(Stored data entries)

BEGIN

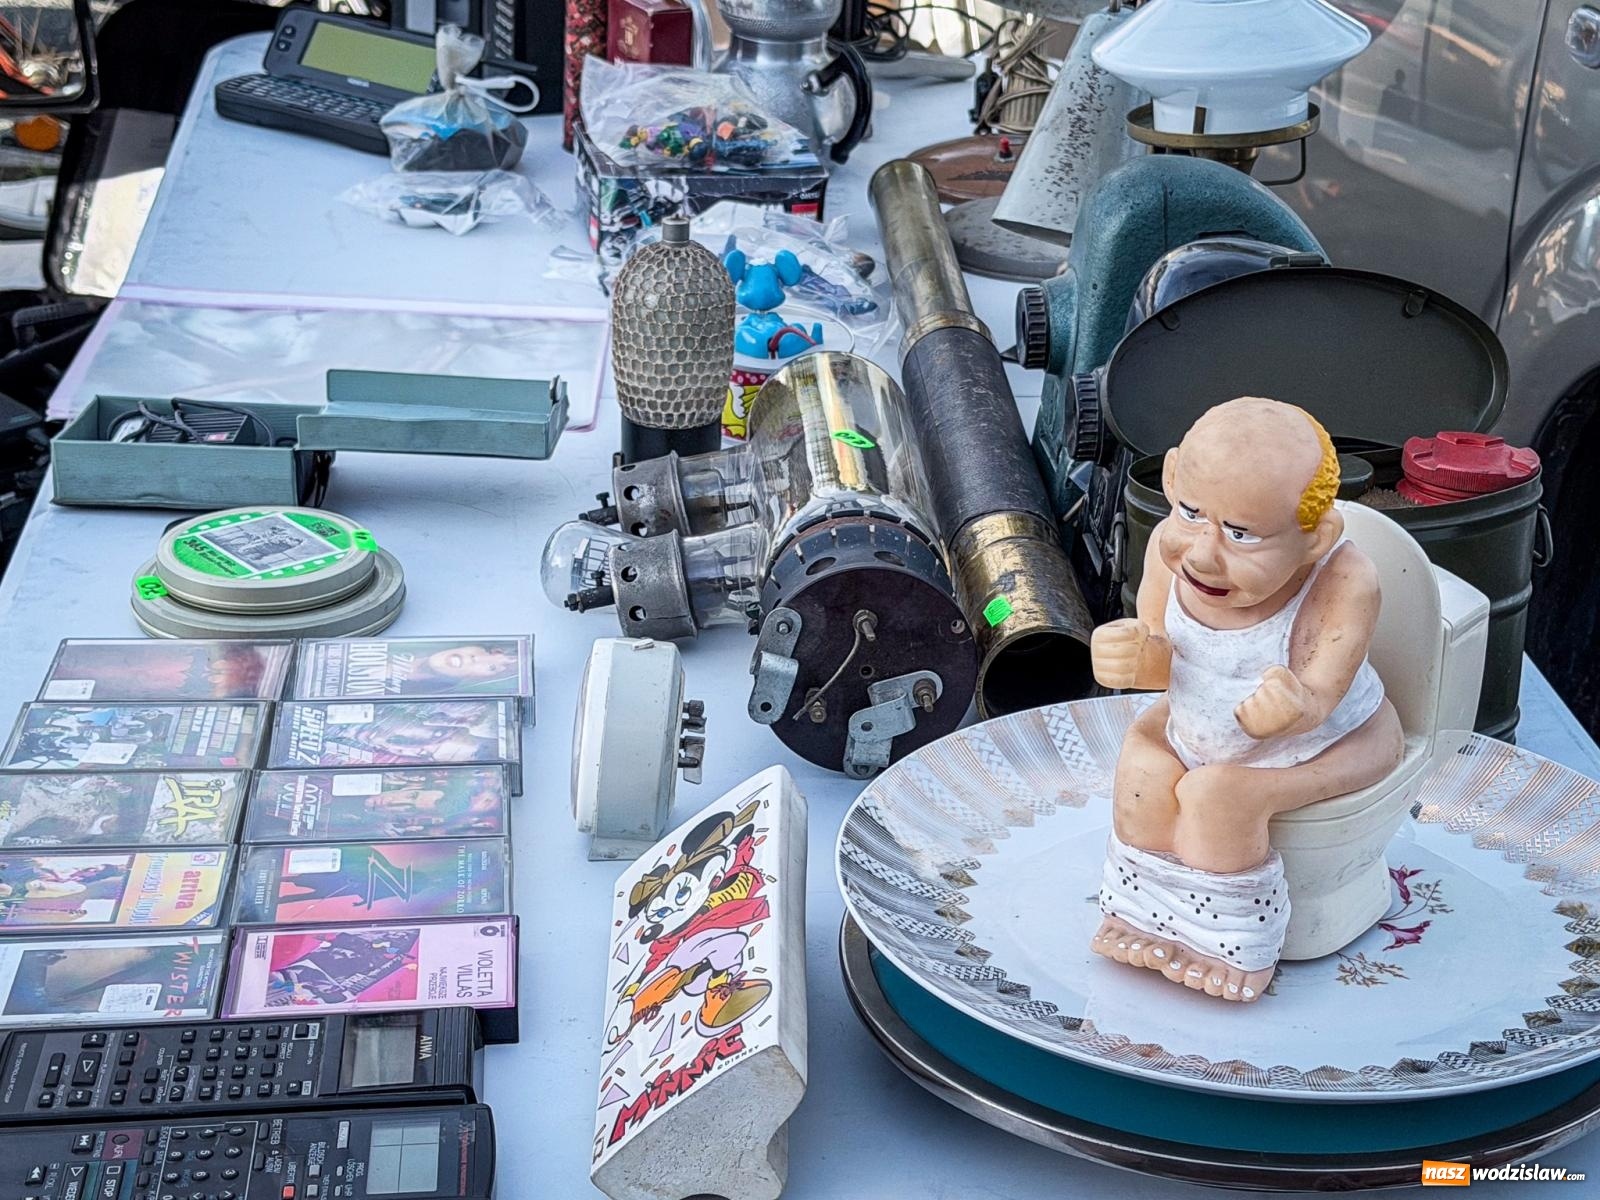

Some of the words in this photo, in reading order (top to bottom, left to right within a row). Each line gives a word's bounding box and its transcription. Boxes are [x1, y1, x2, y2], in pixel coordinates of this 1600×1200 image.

[346, 643, 387, 696] HOUSTON
[299, 707, 325, 752] SPEED
[297, 751, 320, 765] 2
[175, 871, 202, 909] arriva
[456, 891, 464, 913] ZORRO
[164, 936, 199, 1017] TWISTER
[457, 964, 473, 998] VILLAS
[477, 950, 493, 997] VIOLETTA
[418, 1035, 432, 1060] AIWA
[606, 1022, 747, 1148] MINNIE
[270, 1119, 282, 1144] BETRIEB
[103, 1179, 117, 1197] STOP

END

*TRY IT*
Please retype every record above exactly, leaving out the pictures.

*TASK RESULT*
Some of the words in this photo, in reading order (top to bottom, left to right within a row). Each line gives a word's bounding box and its transcription. Boxes are [x1, y1, x2, y2], in pixel coordinates of this 1600×1200 image.

[346, 643, 387, 696] HOUSTON
[299, 707, 325, 752] SPEED
[297, 751, 320, 765] 2
[175, 871, 202, 909] arriva
[456, 891, 464, 913] ZORRO
[164, 936, 199, 1017] TWISTER
[457, 964, 473, 998] VILLAS
[477, 950, 493, 997] VIOLETTA
[418, 1035, 432, 1060] AIWA
[606, 1022, 747, 1148] MINNIE
[270, 1119, 282, 1144] BETRIEB
[103, 1179, 117, 1197] STOP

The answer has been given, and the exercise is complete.